1. literally, the faces

[893a] 1 That 'it happened in the six hundred and first year means a finishing point is clear from the meaning of the number six hundred, dealt with at Chapter 7:6, in 737, as a beginning, and in particular in that verse as the beginning of temptation. The end of it is specified by the same number, with a whole year having now passed by. It took place therefore at the end of a year, and this also is why the words are added 'at the beginning, on the first of the month', meaning a starting point. In the Word any complete period is specified either by a day, or a week, or a month, or a year, and even by a hundred or a thousand years - for example, 'the days' mentioned in Genesis 1, which meant stages in the regeneration of the member of the Most Ancient Church. For in the internal sense day and year mean nothing else than a period of time; and meaning a period of time they also mean a state. Consequently a year stands in the Word for a period of time and for a state, as in Isaiah,

To proclaim the year of Jehovah's good pleasure, and the day of vengeance for our God; to comfort all who mourn. Isaiah 61:2.

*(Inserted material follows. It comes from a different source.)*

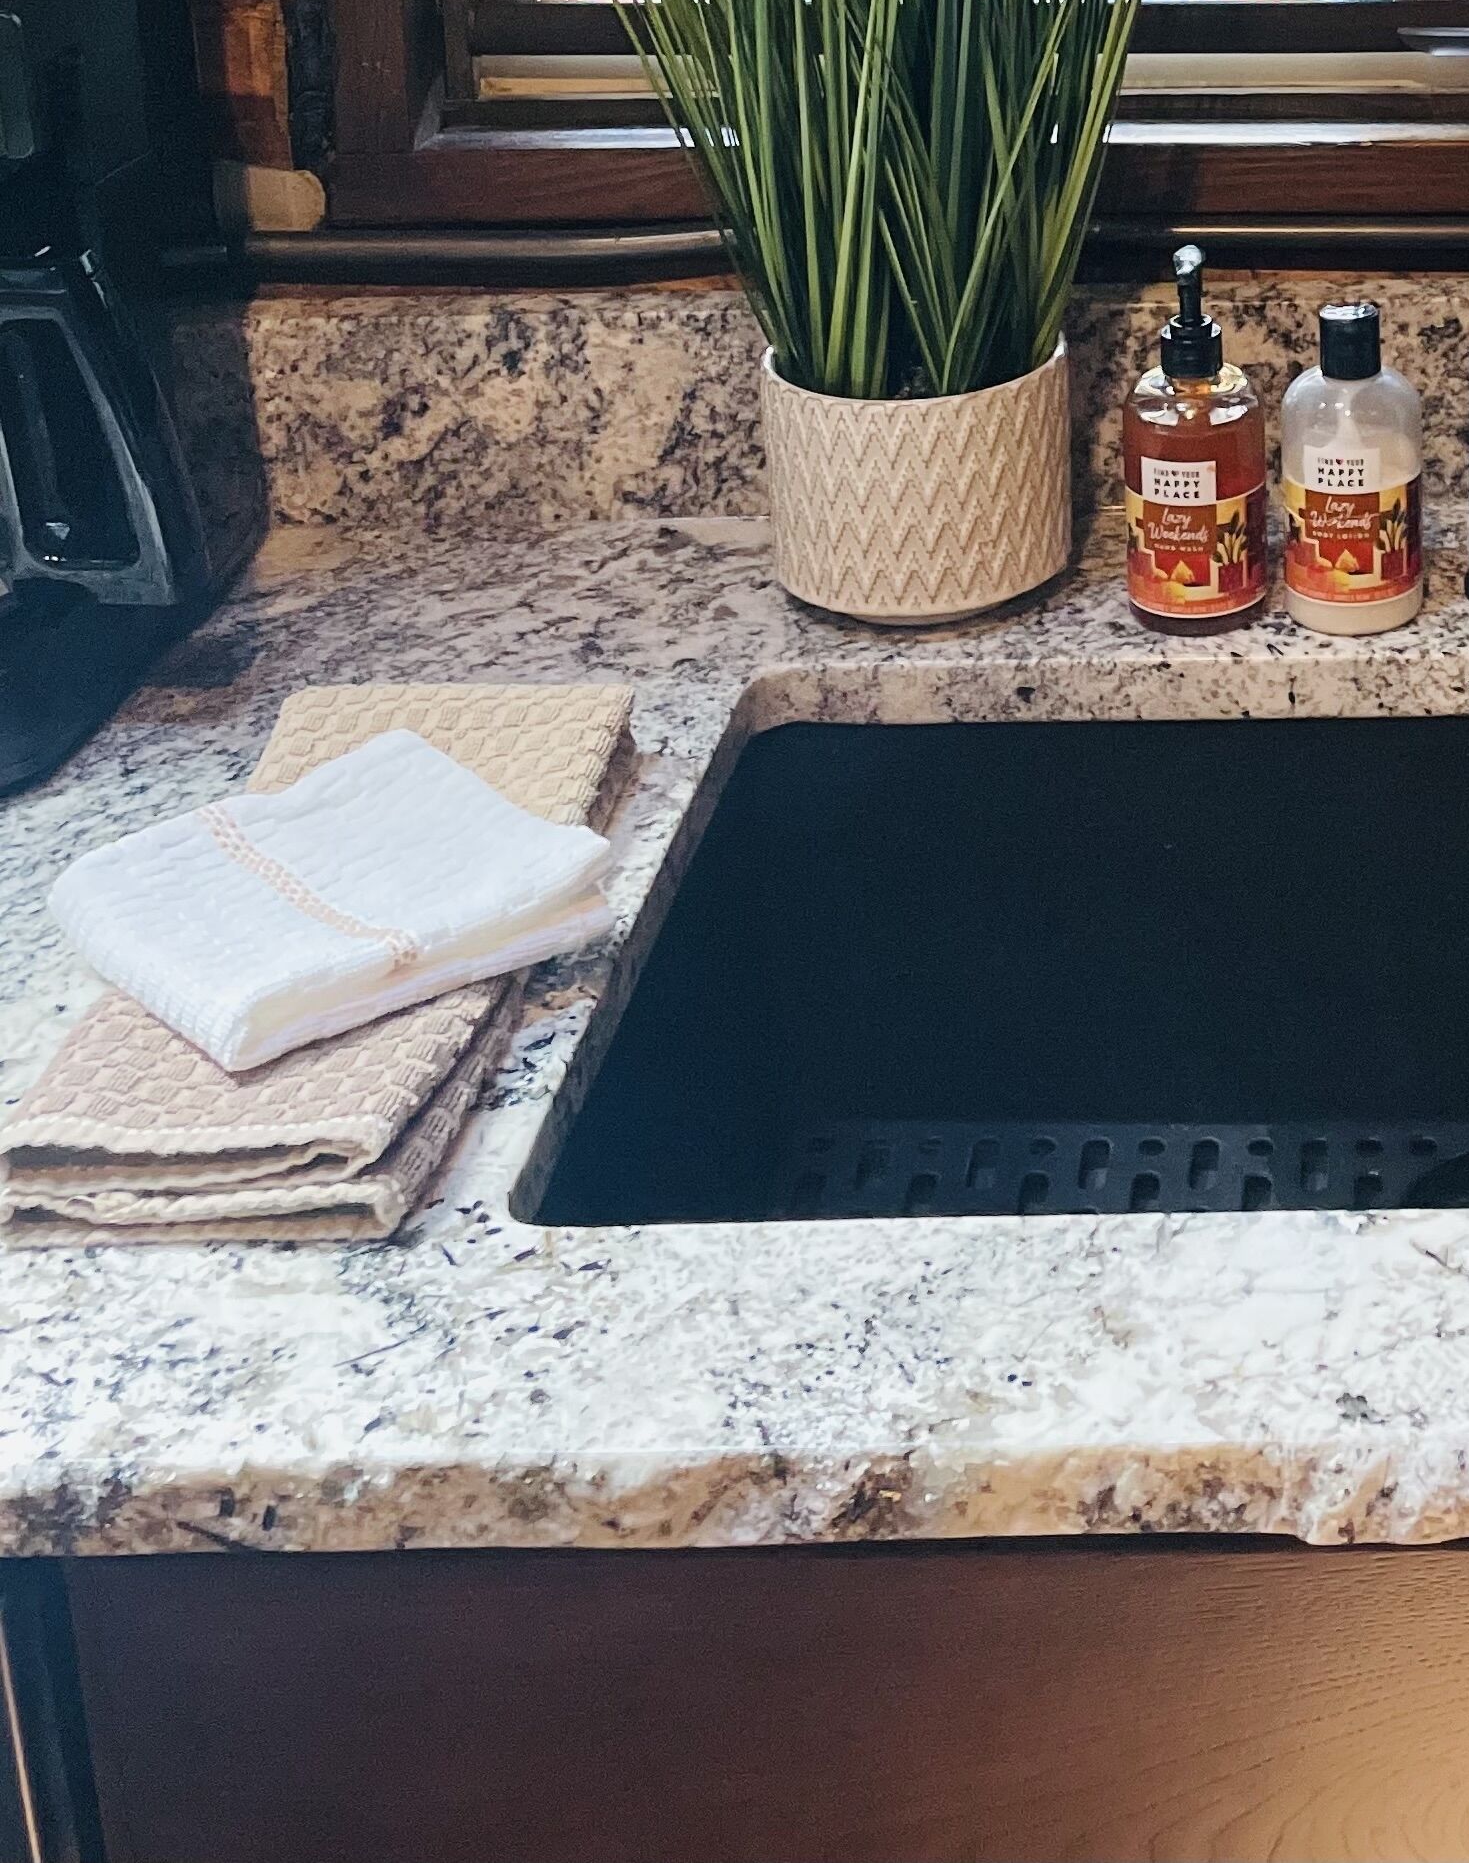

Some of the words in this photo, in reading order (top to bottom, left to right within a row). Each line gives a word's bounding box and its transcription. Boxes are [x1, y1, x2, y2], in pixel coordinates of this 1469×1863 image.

This refers to the Lord's Coming. In the same prophet,

The day of vengeance was in My heart, and the year of My redeemed had come. Isaiah 63:4.

Here too 'day' and 'year' stand for a period of time and for a state. In Habakkuk,

Your work, O Jehovah, in the midst of the years make it live, in the midst of the years do You make it known. Habakkuk 3:2.

Here 'years' stands for a period of time and for a state. In David,

'You are God Himself, and Your years have no end. Psalms 102:27.

This statement, in which 'years' stands for periods of time, means that time does not exist with God. The same applies in the present verse where 'the year' of the flood in no way means any one particular year but a period of time that is not determined by a specific number of years. At the same time it means a state. See what has been said already about 'years' in 482, 487, 488, 493.

1. This paragraph is not numbered in the Latin.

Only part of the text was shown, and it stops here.